IMHO, there are really two dangers centering around these ideas: (1) A society whose religion rejects basic moral and ethical pricniples (e.g., Nazism, Soviet Communism); and (2) A society that does not allow its faith to adapt in response to scientific discovery (e.g., today’s fundamentalist Muslims). I think that a Reformation would do the Muslims a world of good. By and large, Christianity has been able to adapt to modernity because of its own Reformation. That, I believe, is why you don’t see today’s Christian Fundamentalists slaughterning the un-converted.

Aug 5, 2004 - 3:22 pm 22. richard mcenroe:

Bruce Cleaver ó How so, unless you are in a situation you are certain cannot be improved upon? Certainly Marxism never replaced it with anything else that proved able to motivate the masses. When Communism mets its great test in WWII, Stalin was forced to fall back on the same calls to defend the Rodina, not the Party, that the Russians had been rising to since the days of Alexandr Nevsky…

Aug 5, 2004 - 3:25 pm 23. Pixy Misa:

I see people trotting out the usual misunderstandings about atheism.

There are two main forms of atheism.

The first is a belief that there are no gods. This is sometimes called “strong atheism”. This can be described as a religious belief, albeit a negative one. It’s certainly not a religion.

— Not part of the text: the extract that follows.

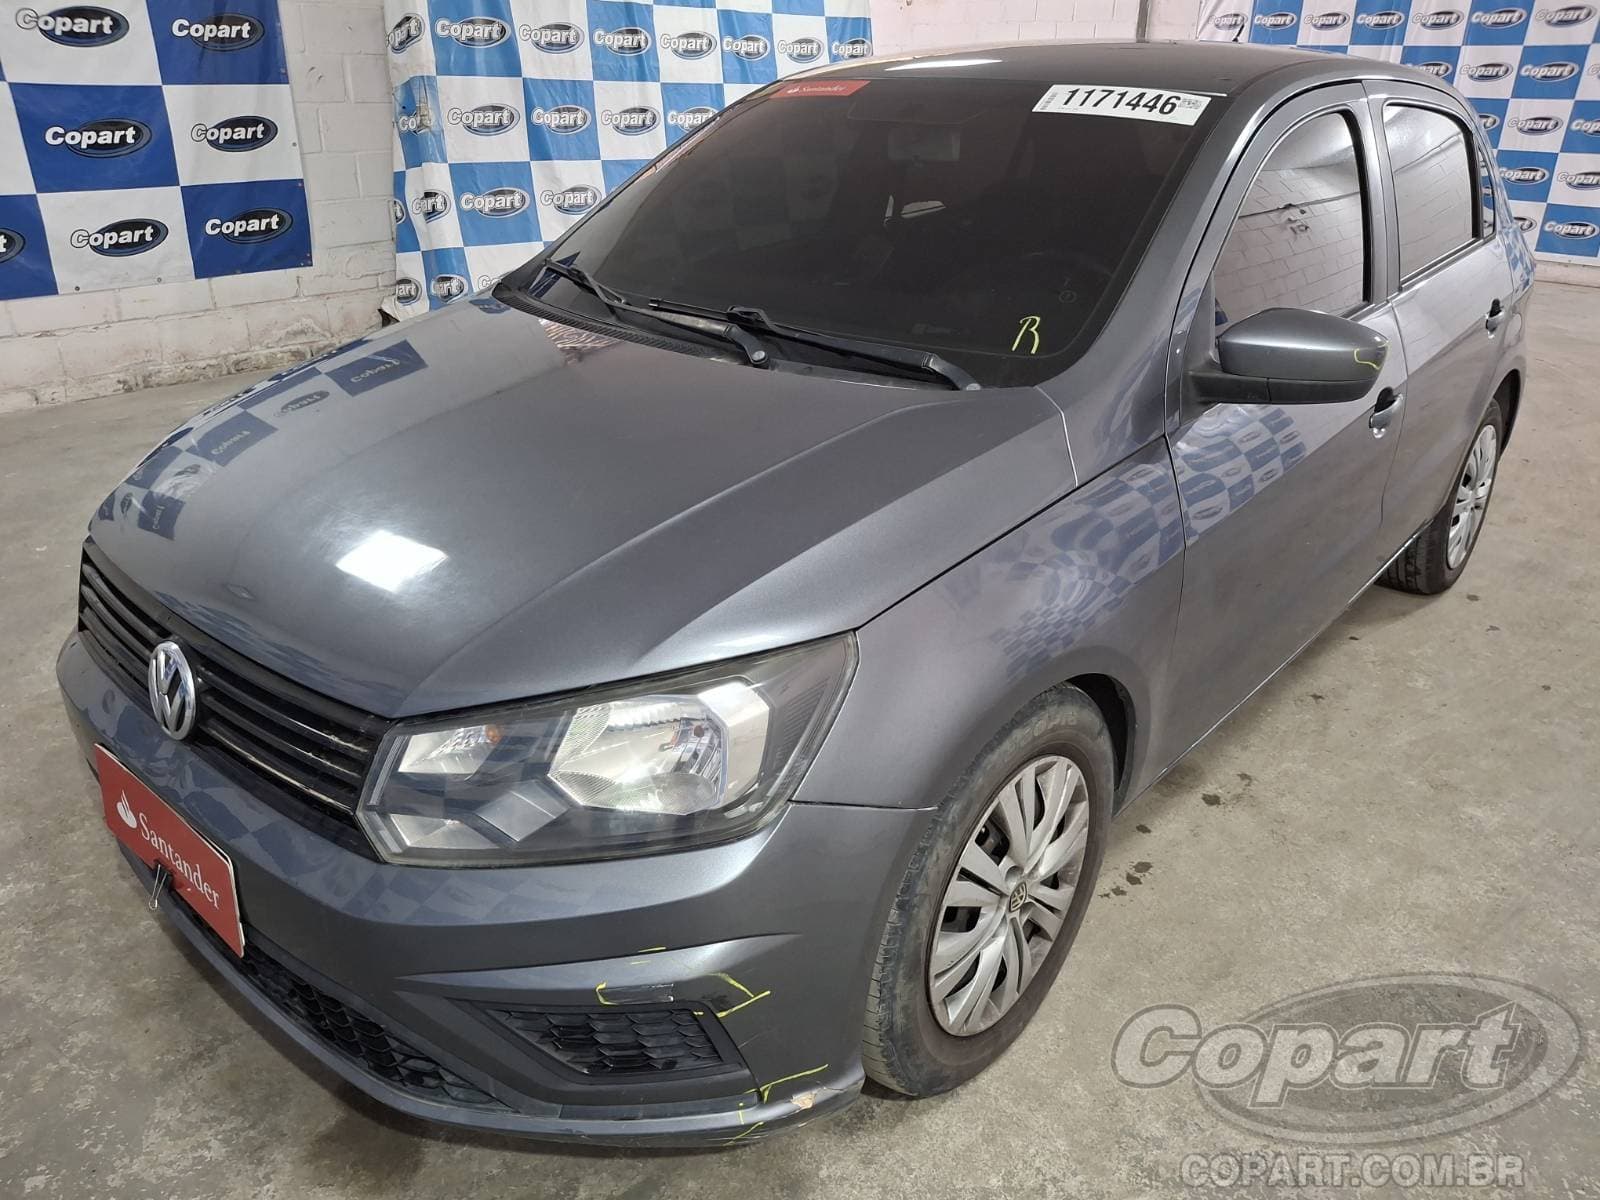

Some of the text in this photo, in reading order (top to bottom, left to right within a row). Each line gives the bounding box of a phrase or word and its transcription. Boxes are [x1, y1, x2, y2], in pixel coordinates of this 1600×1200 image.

The second form, sometimes called “weak atheism”, is simply a lack of belief in the existence of gods. This is not a matter of faith, nor a religious belief; it’s the absence of those. In scientific terms, it is the Null Hypothesis; lacking evidence, we continue to observe.

Communism promoted atheism not out of any rational agenda but because Communism was – and is – a belief system that can tolerate no competition. The horrors arising from Communism relate not at all to its lack of belief in gods, but to its implacable belief in its own principles in the face of overwhelming evidence that they were false.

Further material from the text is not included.